Exercise objective: Each line of the data below should be restated exactly, with images left out.

Data entries:

== == ==

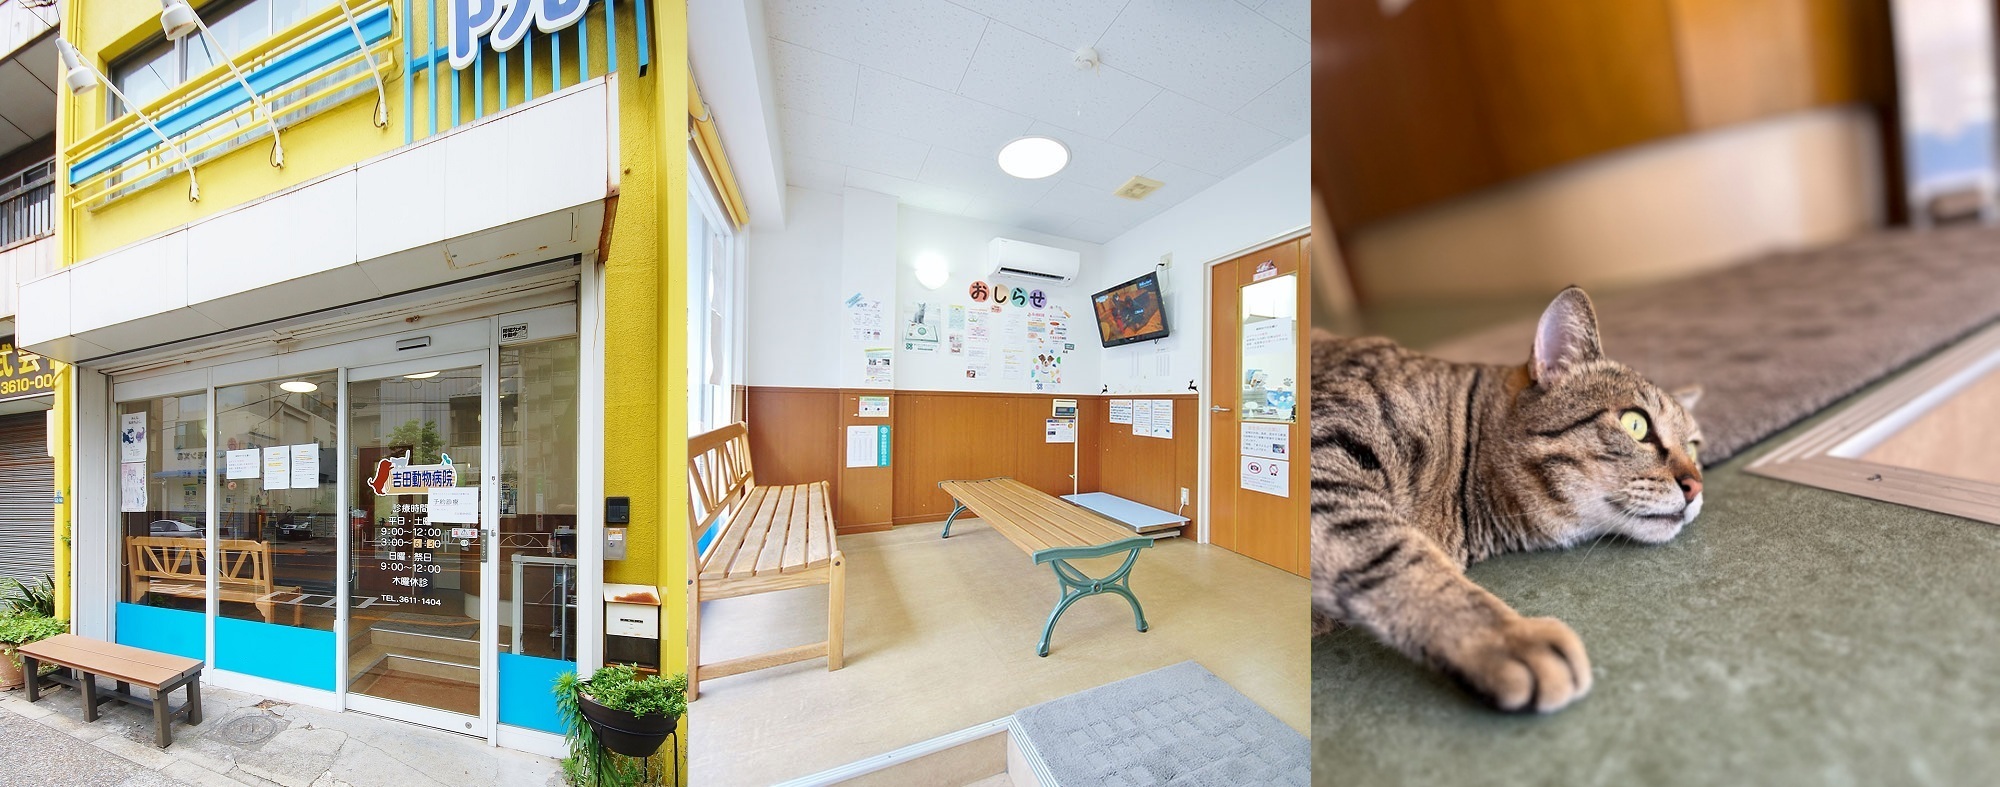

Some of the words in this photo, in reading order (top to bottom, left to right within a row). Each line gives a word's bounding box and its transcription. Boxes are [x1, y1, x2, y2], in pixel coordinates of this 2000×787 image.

[971, 282, 1045, 308] おしらせ
[0, 343, 55, 377] 式会
[392, 469, 453, 488] 吉田動物病院
[392, 503, 429, 513] 診療時間
[392, 576, 428, 588] 木曜休診

== == ==

Answer to this exercise:
Some of the words in this photo, in reading order (top to bottom, left to right within a row). Each line gives a word's bounding box and its transcription. Boxes are [x1, y1, x2, y2], in pixel coordinates of this 2000×787 image.

[971, 282, 1045, 308] おしらせ
[0, 343, 55, 377] 式会
[392, 469, 453, 488] 吉田動物病院
[392, 503, 429, 513] 診療時間
[392, 576, 428, 588] 木曜休診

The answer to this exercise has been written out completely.